#### [YOUR TASK]
Retype the whole listing below exactly, keeping every picture out of it.

EXTRACTED ENTRIES Start Marker

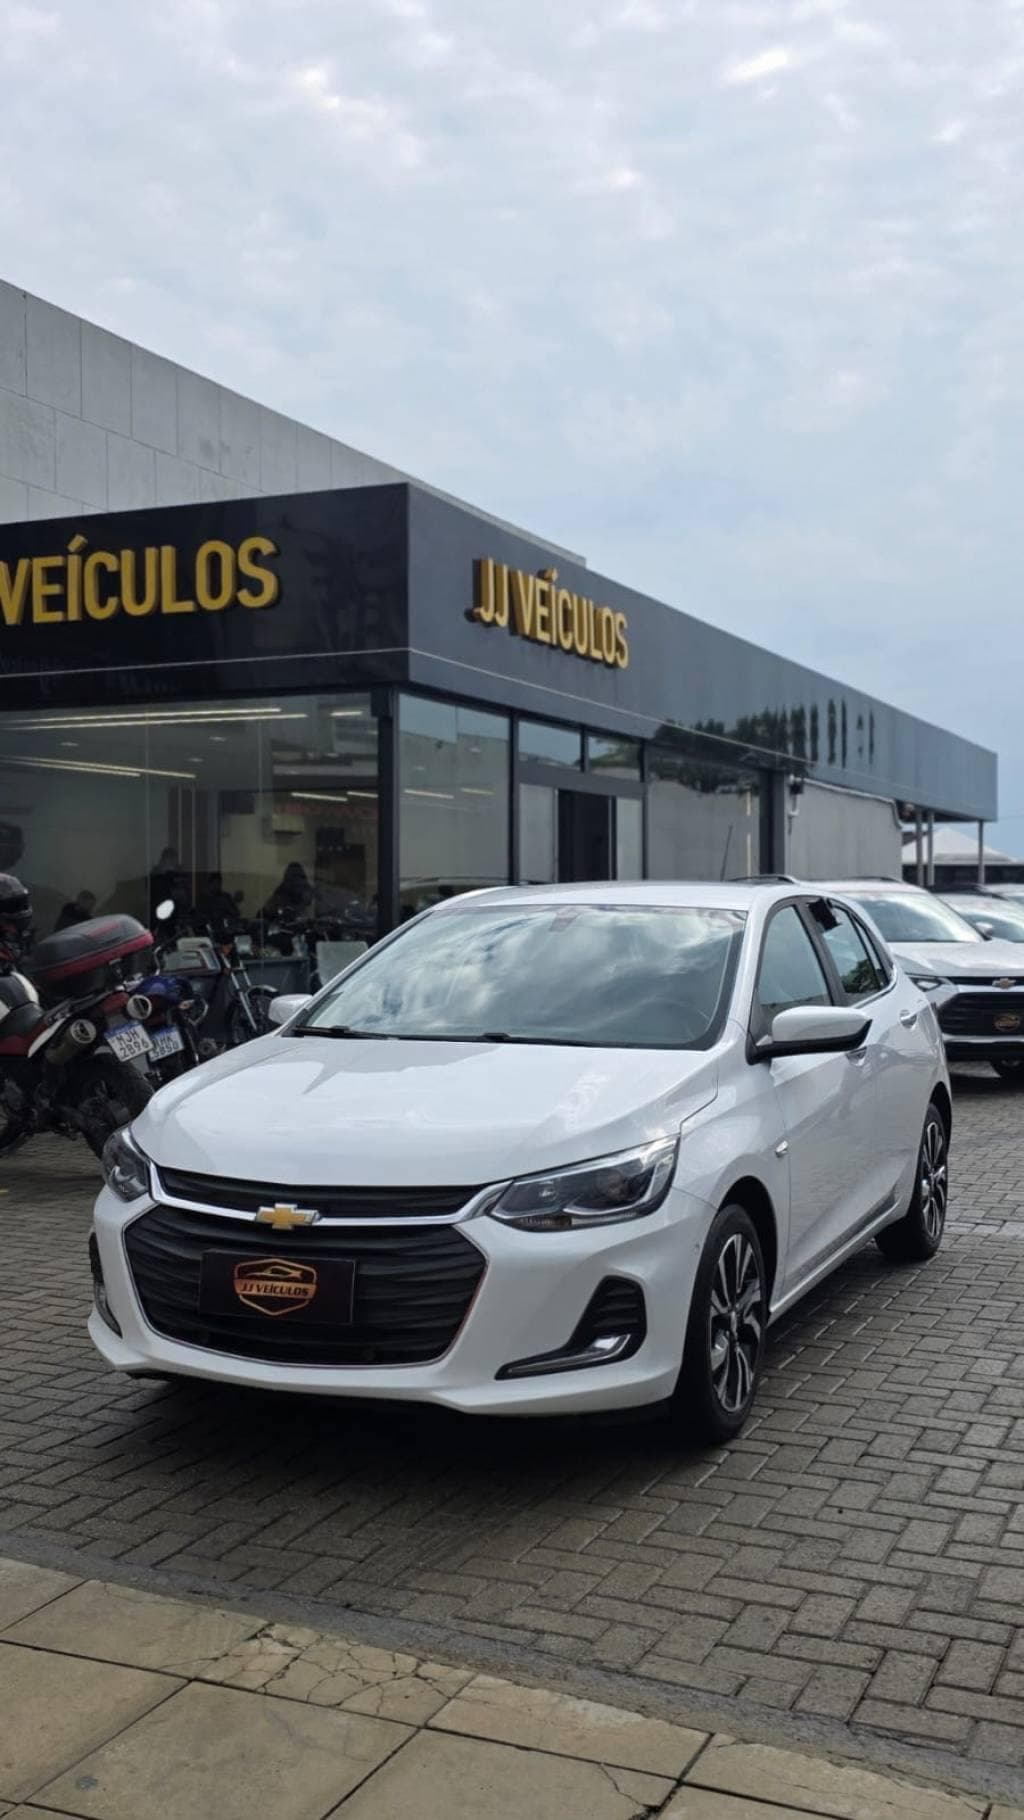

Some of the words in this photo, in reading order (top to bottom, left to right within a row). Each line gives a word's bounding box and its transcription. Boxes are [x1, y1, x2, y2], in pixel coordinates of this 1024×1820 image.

[0, 534, 279, 625] VEÍCULOS
[474, 557, 509, 627] JJ
[513, 568, 629, 669] VEÍCULOS
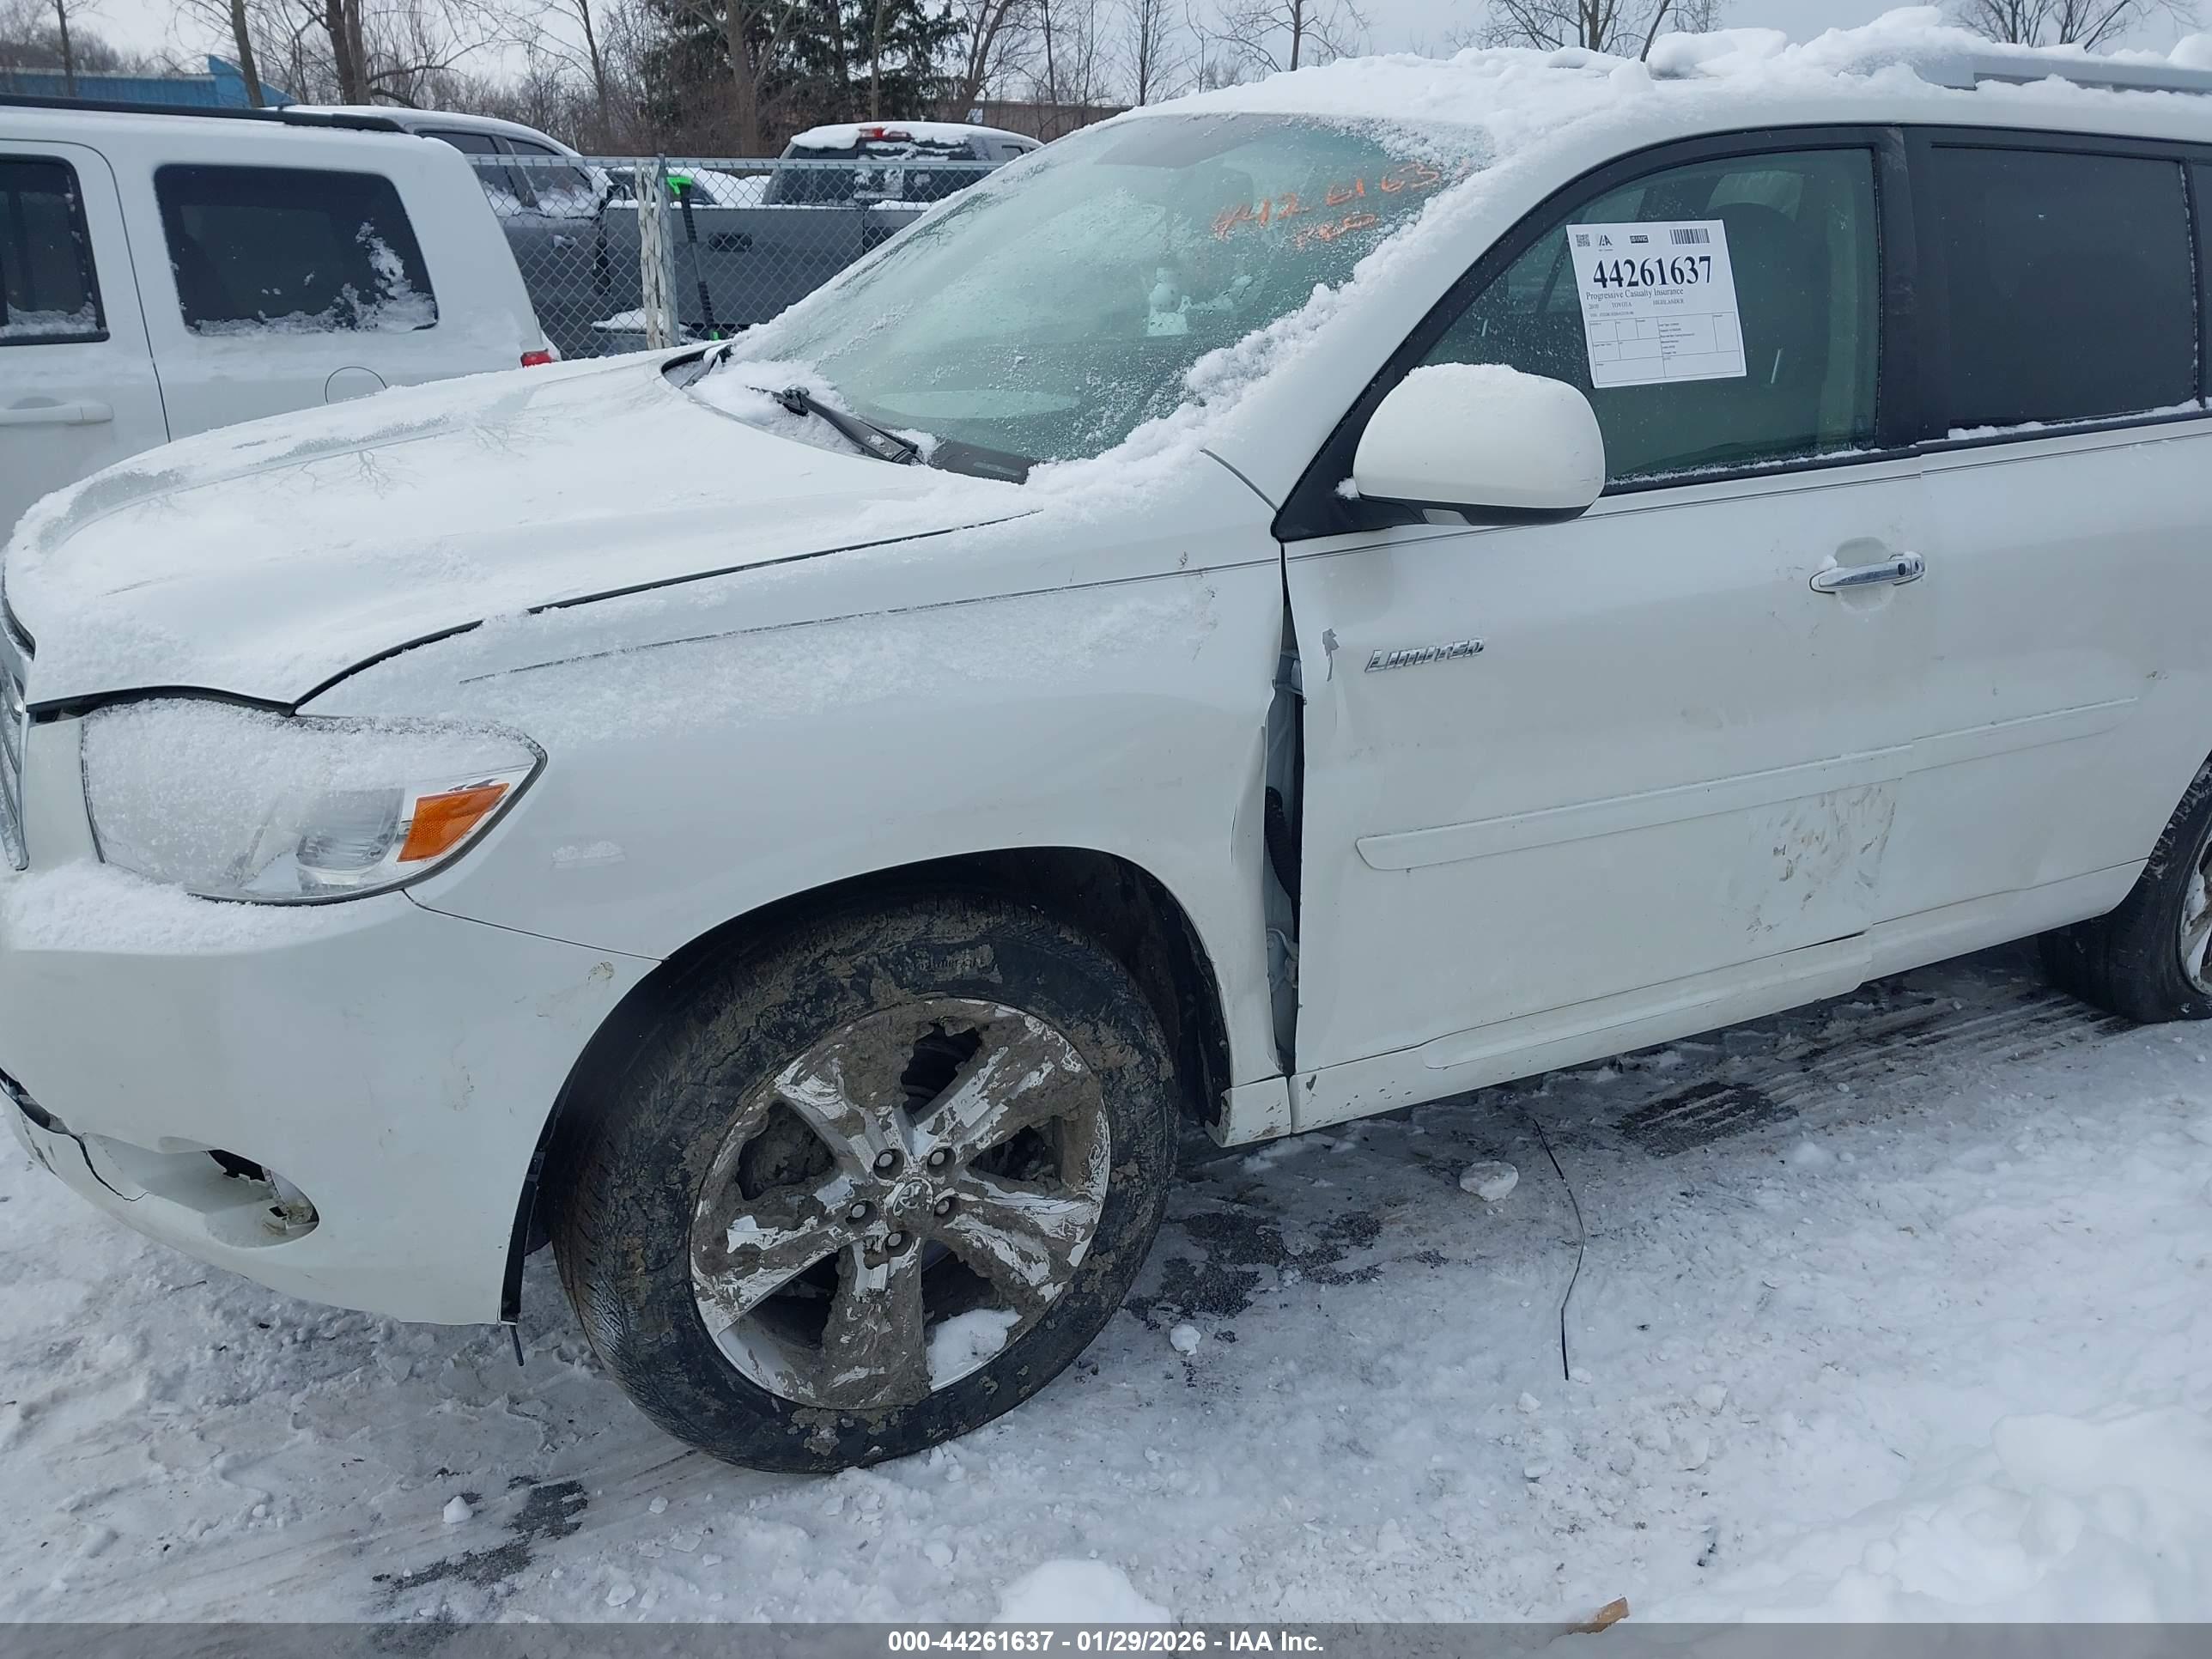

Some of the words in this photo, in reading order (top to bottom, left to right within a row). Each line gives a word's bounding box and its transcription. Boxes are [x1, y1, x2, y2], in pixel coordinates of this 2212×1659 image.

[1593, 255, 1711, 289] 44261637
[1586, 291, 1624, 301] Progressive
[1625, 289, 1652, 300] Casualty
[1654, 288, 1684, 296] Insurance

EXTRACTED ENTRIES End Marker

#### [SOLUTION FOR THIS TASK]
Some of the words in this photo, in reading order (top to bottom, left to right within a row). Each line gives a word's bounding box and its transcription. Boxes are [x1, y1, x2, y2], in pixel coordinates of this 1024×1820 image.

[0, 534, 279, 625] VEÍCULOS
[474, 557, 509, 627] JJ
[513, 568, 629, 669] VEÍCULOS

Some of the words in this photo, in reading order (top to bottom, left to right within a row). Each line gives a word's bounding box and its transcription. Boxes are [x1, y1, x2, y2], in pixel coordinates of this 2212×1659 image.

[1593, 255, 1711, 289] 44261637
[1586, 291, 1624, 301] Progressive
[1625, 289, 1652, 300] Casualty
[1654, 288, 1684, 296] Insurance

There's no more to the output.